A town that does not exist

Category: Nostalgia, PEGI 0+
29 October 2010
1

More recently, just 5 years ago, I knew nothing about the tragic fate of hundreds (!) of settlements in the Volga River basin. I had no idea that in the 30-40s of the last century, villages, villages, estates, monasteries and even cities went under water.

The first discovery for me was Kalyazin, with its needle bell tower in the middle of the Volga, as a symbol of everything that happened. Much later, someone told me about Mologa and from then on I began to collect all kinds of information about this place. And finally, in Kashin I bought the book “Cities Under Water” - my heart clench when I imagine how it all happened. Today I want to show you something from this book and the little that I found on the Internet.
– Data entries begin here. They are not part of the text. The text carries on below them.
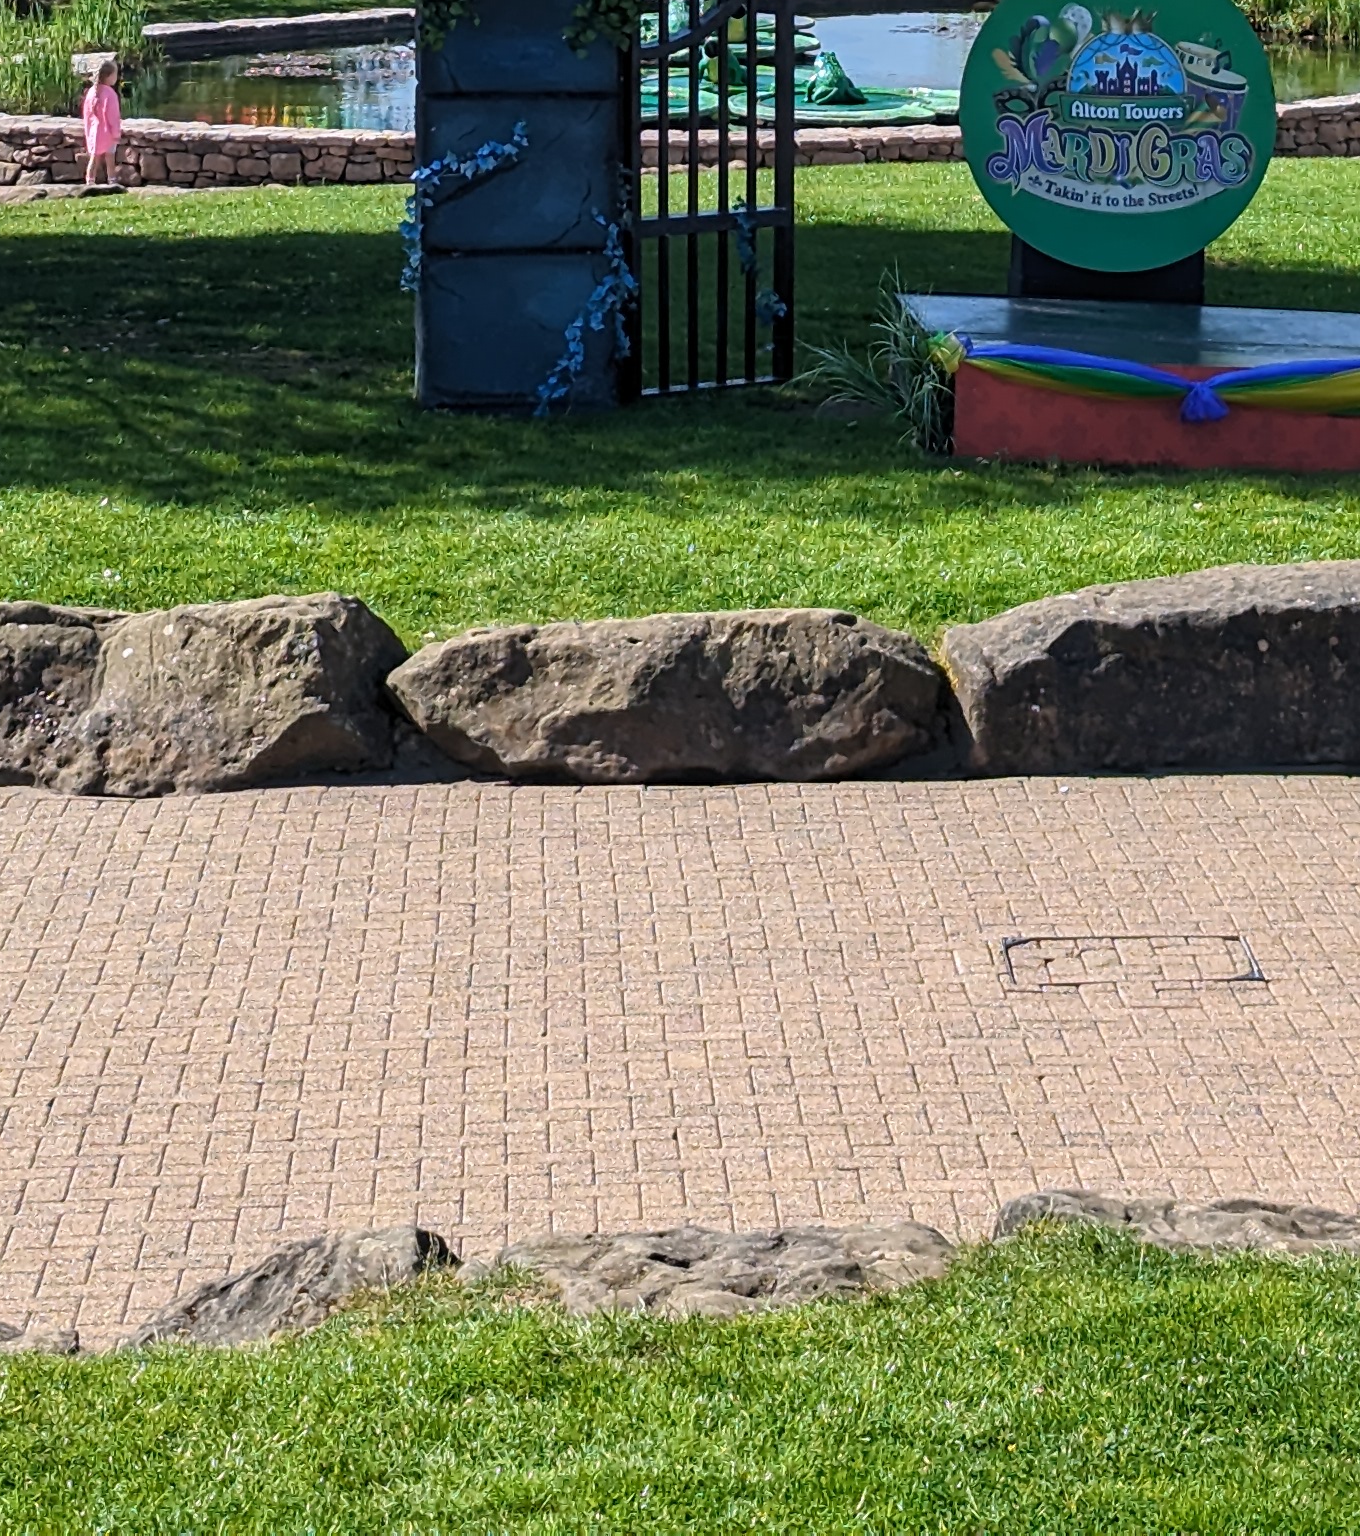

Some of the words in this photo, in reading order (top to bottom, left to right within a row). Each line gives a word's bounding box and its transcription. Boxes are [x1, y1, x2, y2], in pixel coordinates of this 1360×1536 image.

[1071, 101, 1120, 119] Alton
[1121, 103, 1184, 120] Towers
[987, 111, 1132, 190] MARDI
[1137, 124, 1252, 187] GRAS
[1044, 179, 1089, 203] Takin'
[1091, 192, 1102, 206] it
[1106, 195, 1120, 207] to
[1123, 194, 1144, 207] the
[1148, 184, 1200, 206] Streets!
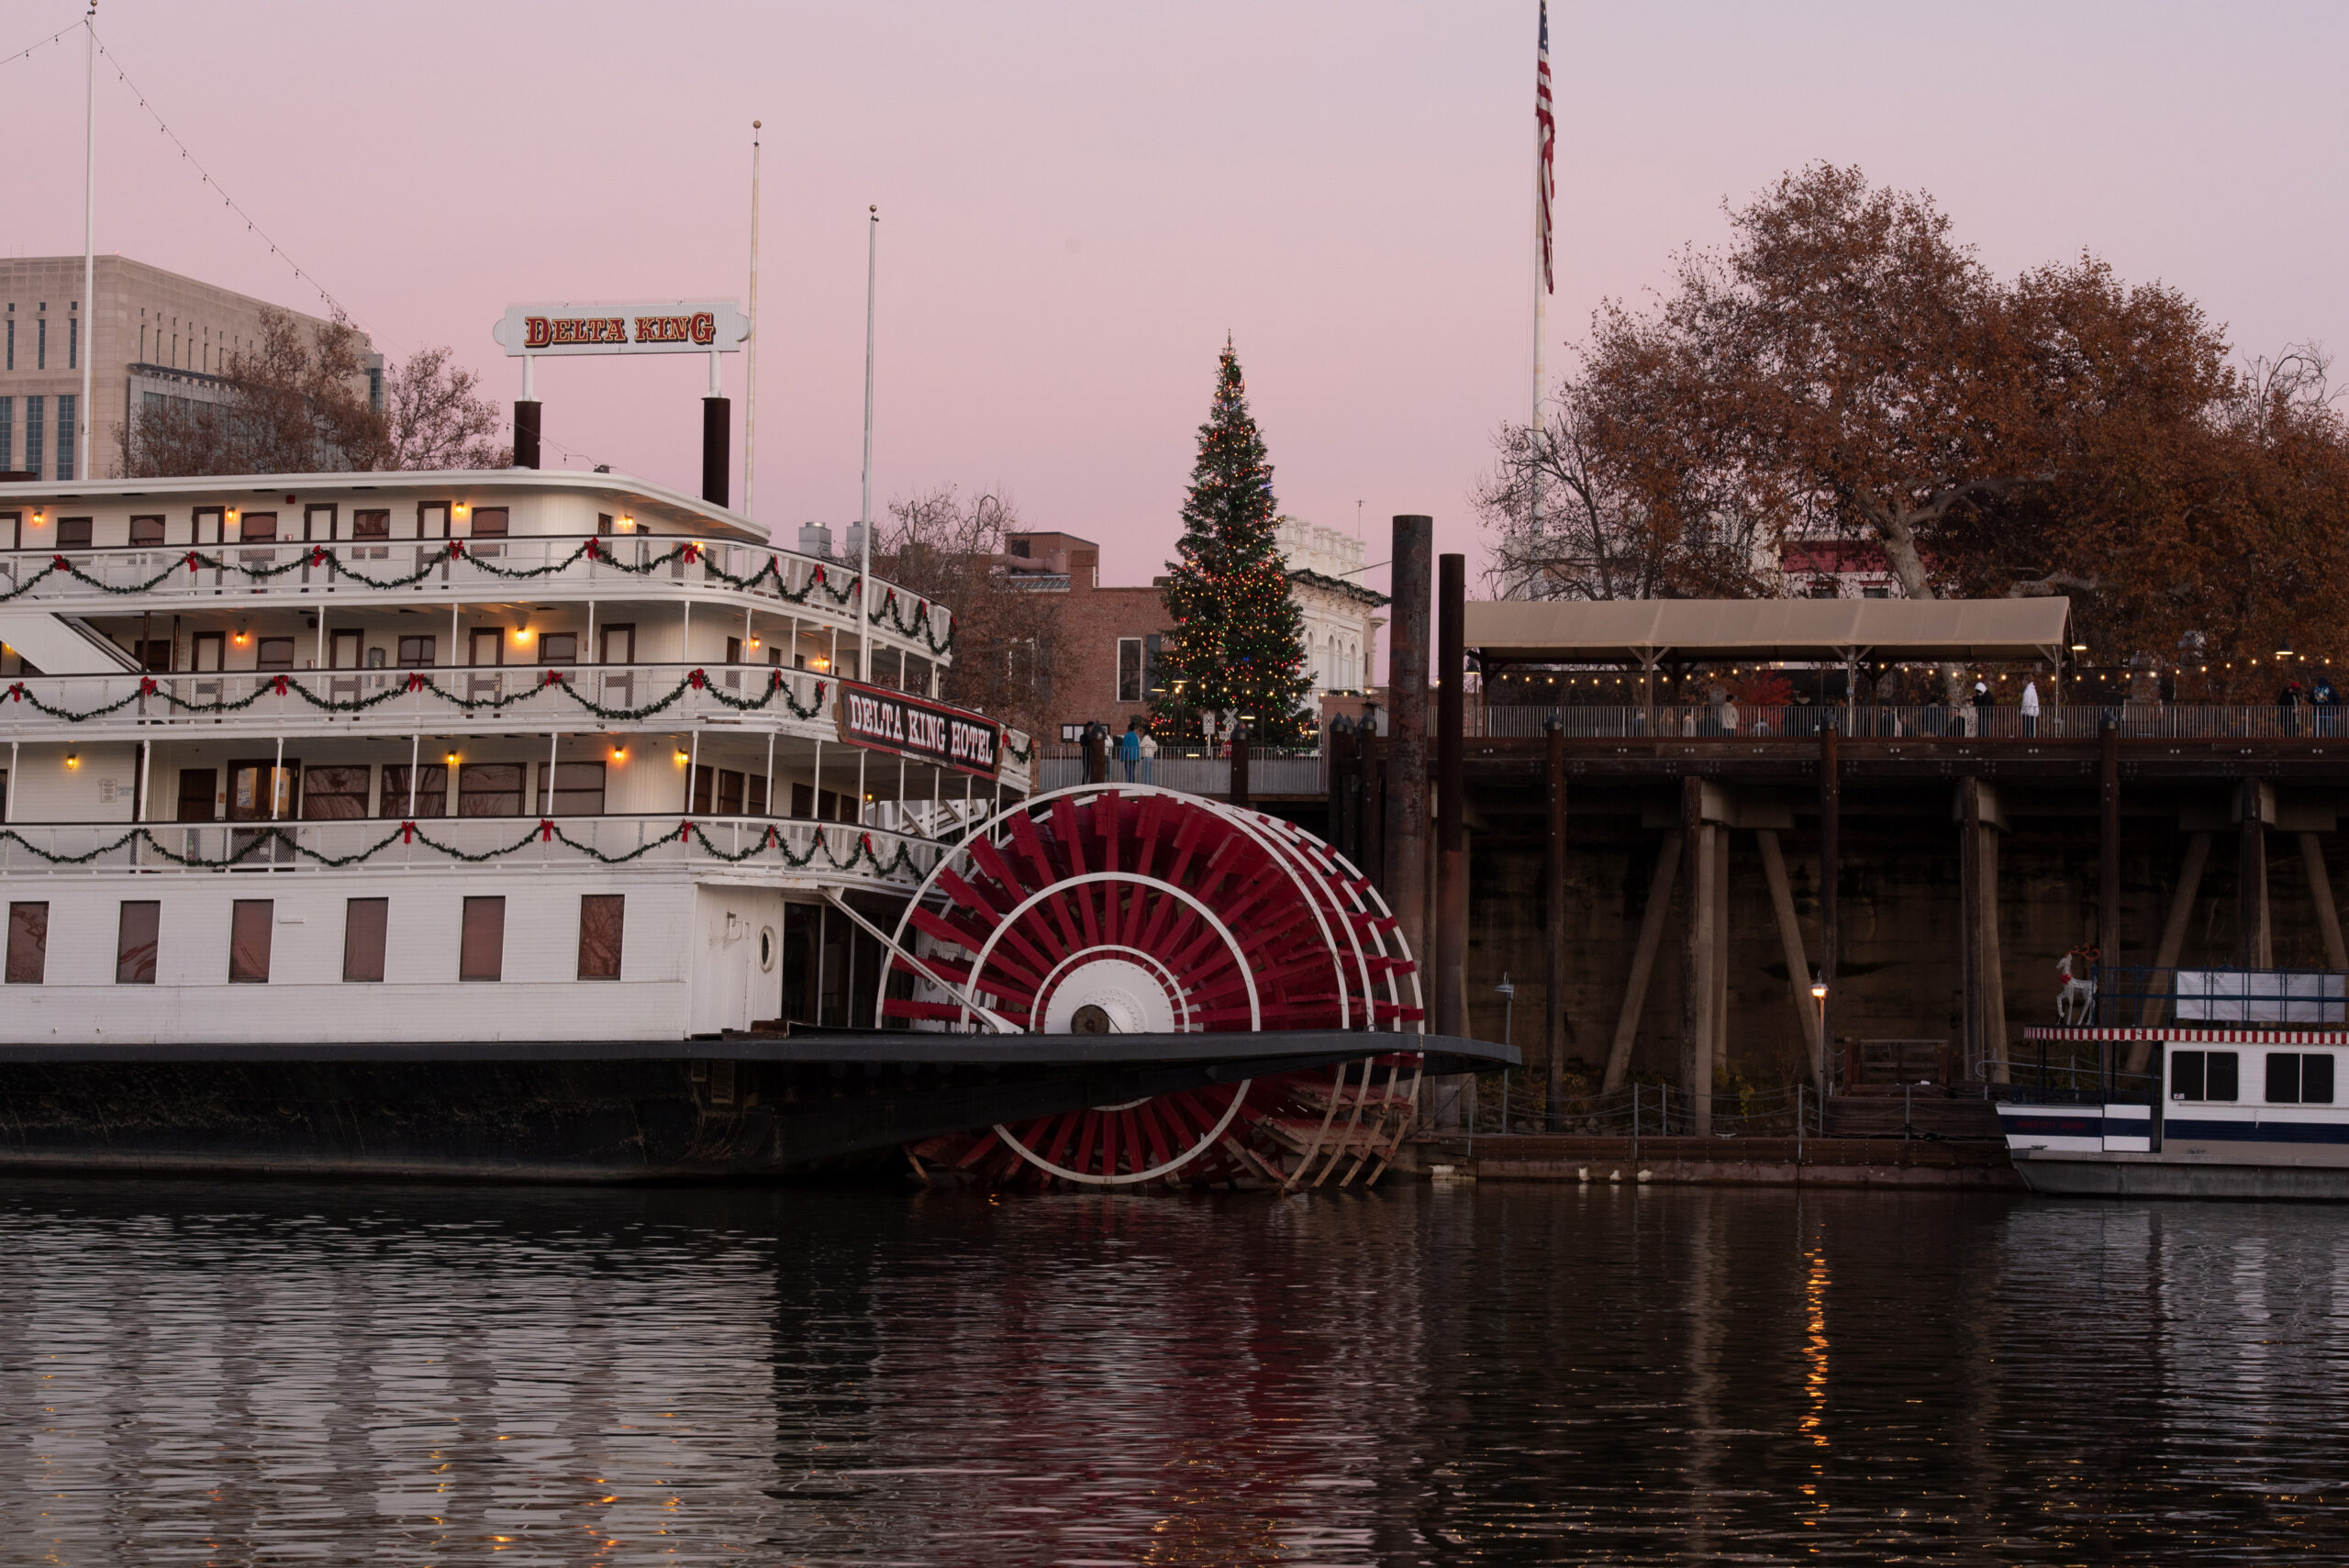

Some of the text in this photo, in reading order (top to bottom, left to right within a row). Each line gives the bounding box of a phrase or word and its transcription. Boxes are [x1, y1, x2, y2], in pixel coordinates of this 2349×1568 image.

[524, 312, 717, 348] DELTA KING
[849, 694, 994, 766] DELTA KING HOTEL
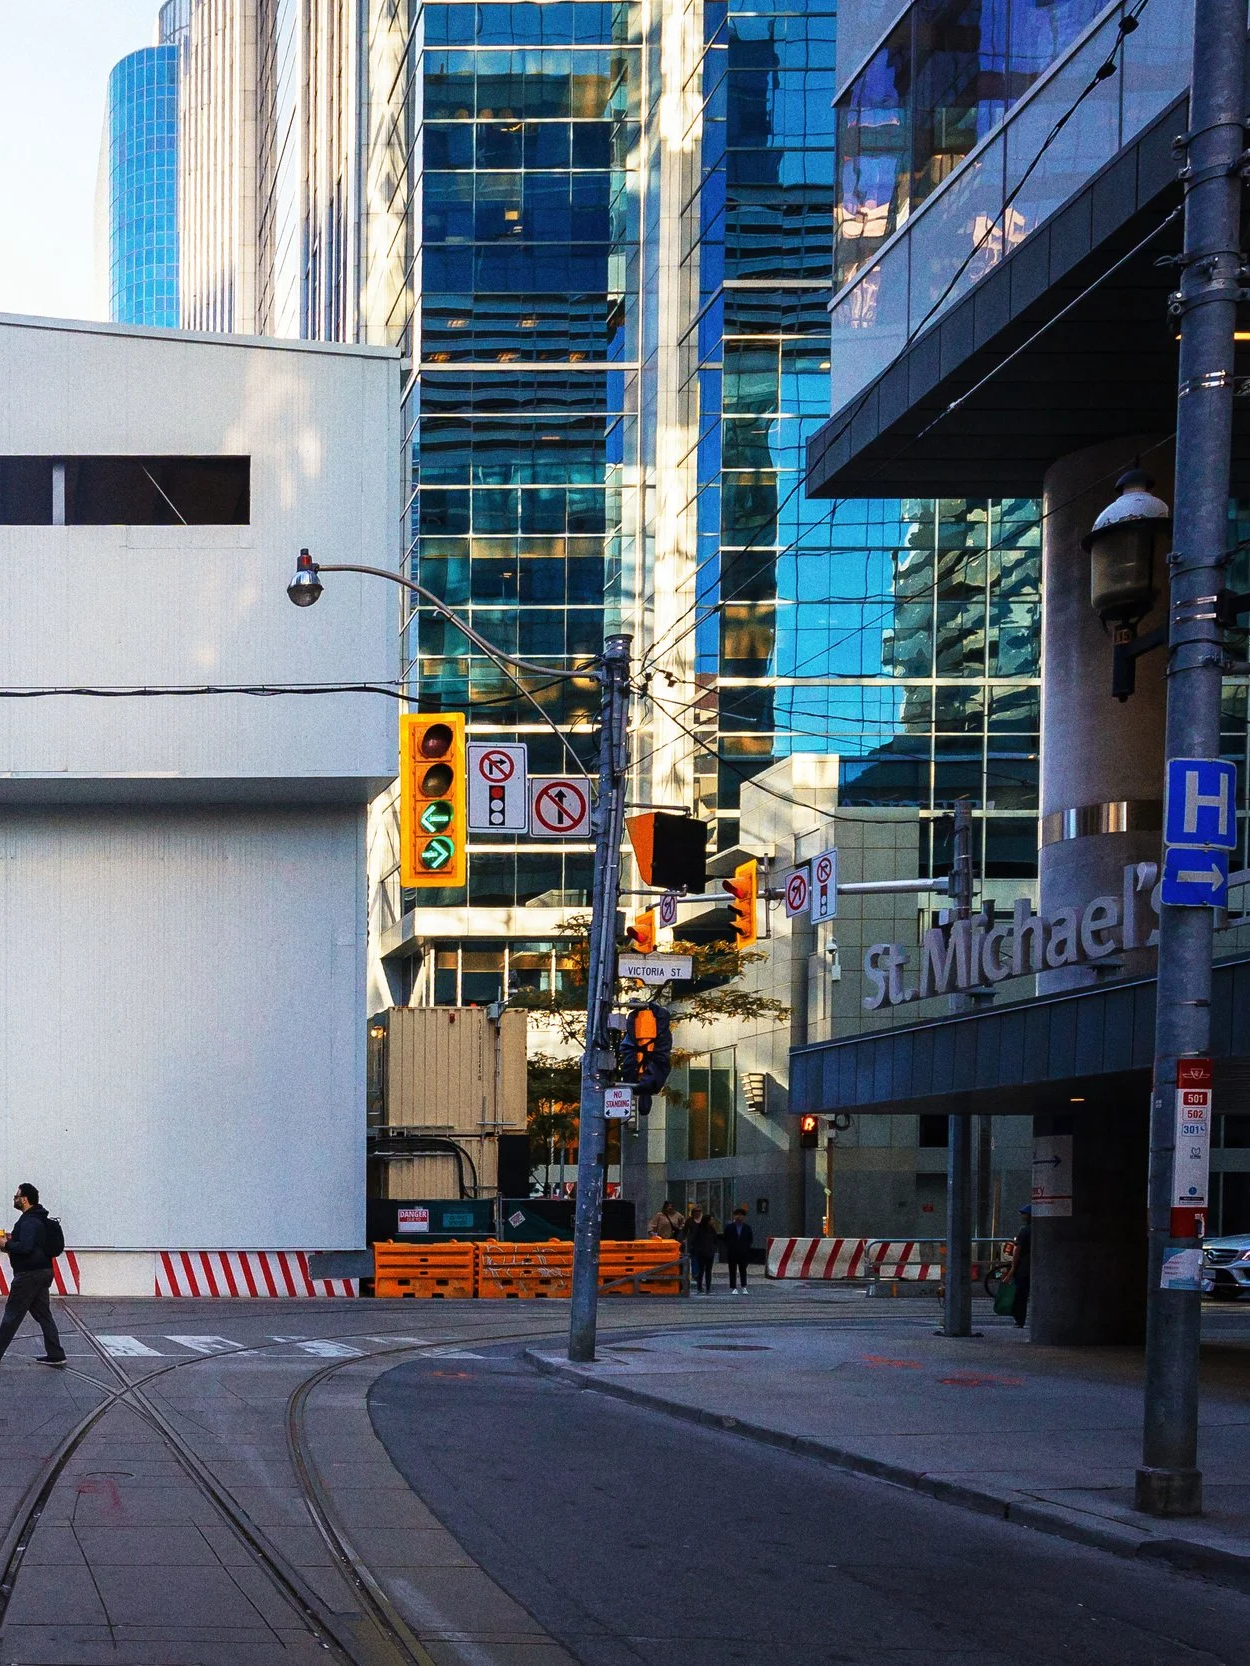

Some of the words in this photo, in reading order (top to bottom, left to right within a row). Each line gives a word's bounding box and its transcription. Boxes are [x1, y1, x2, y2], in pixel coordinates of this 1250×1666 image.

[1184, 771, 1229, 835] H
[628, 966, 665, 977] VICTORIA
[863, 943, 918, 1010] St.
[606, 1100, 630, 1108] STANDING
[1188, 1095, 1203, 1103] 501
[1187, 1109, 1203, 1119] 502
[1183, 1125, 1199, 1134] 301
We will talk here about Mologa and the Mologa district - here is the epicenter of the Volga tragedy. When filled with water in 1941-1947, 2 cities, about 700 villages with 26 thousand households, 40 parish churches, 3 monasteries, dozens of former noble estates, unexplored archaeological monuments, forests, fields, meadows disappeared under water in the lake part of the Rybinsk reservoir. , which produced the best hay in Russia. An area of developed dairy farming and nationally significant production of high-quality butter and cheese was under water. About 150 thousand people were resettled.

The city of Mologa was located at the confluence of the Mologa River and the Volga. Now this place is located in the southern part of the artificial sea: five kilometers east of the island of Svyatovsky Mokh and three kilometers north of the “Babi Gory” direction sign, standing on the concrete bases of shields that mark the navigable fairway running over the old bed of the Volga.

Mologa from the "Atlas of the Yaroslavl province" 1858.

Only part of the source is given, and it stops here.